Return every line of the data below exactly, but do not include the images.
--- Exercise data Enclosed Below ---
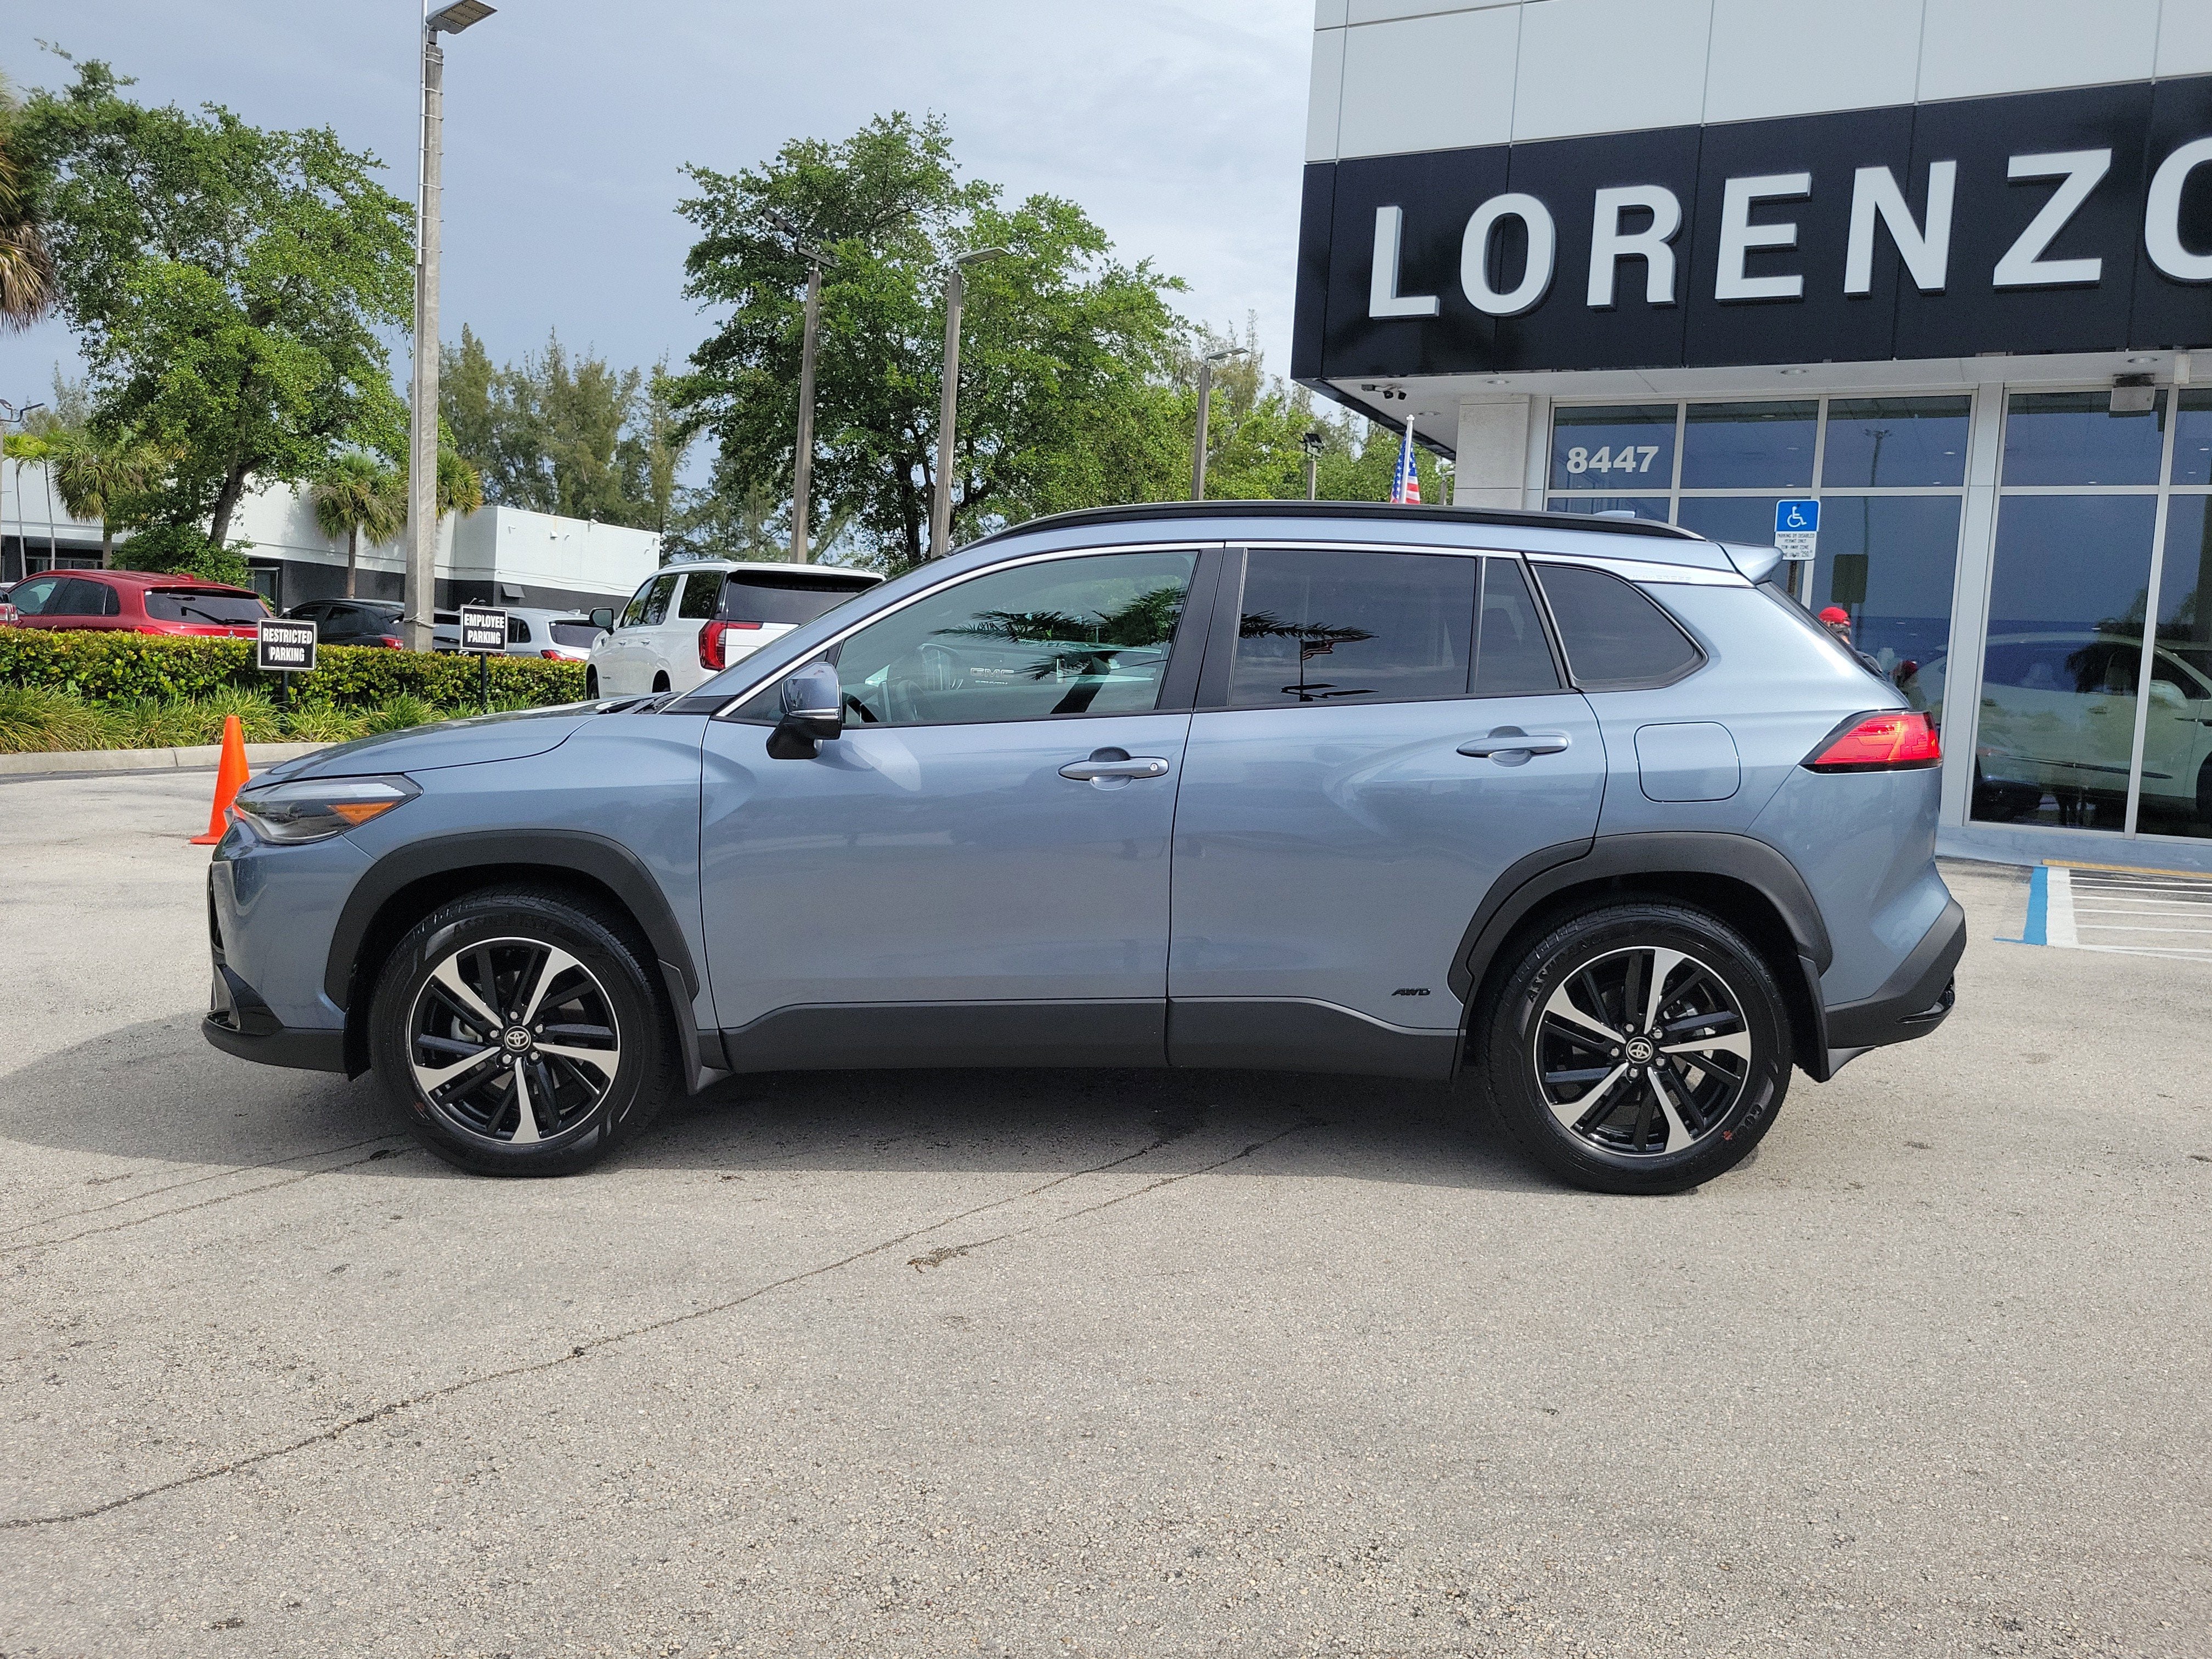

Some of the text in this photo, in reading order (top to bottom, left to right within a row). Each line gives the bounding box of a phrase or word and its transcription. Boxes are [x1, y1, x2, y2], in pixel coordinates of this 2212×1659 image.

[1566, 446, 1658, 473] 8447
[464, 613, 505, 629] EMPLOYEE
[263, 628, 313, 644] RESTRICTED
[467, 630, 501, 644] PARKING
[269, 646, 305, 662] PARKING
[970, 668, 1014, 678] GMC
[1391, 988, 1431, 996] AWD
--- End of Enclosed Exercise data ---
**Exercise response**
Some of the text in this photo, in reading order (top to bottom, left to right within a row). Each line gives the bounding box of a phrase or word and its transcription. Boxes are [x1, y1, x2, y2], in pixel coordinates of this 2212×1659 image.

[1566, 446, 1658, 473] 8447
[464, 613, 505, 629] EMPLOYEE
[263, 628, 313, 644] RESTRICTED
[467, 630, 501, 644] PARKING
[269, 646, 305, 662] PARKING
[970, 668, 1014, 678] GMC
[1391, 988, 1431, 996] AWD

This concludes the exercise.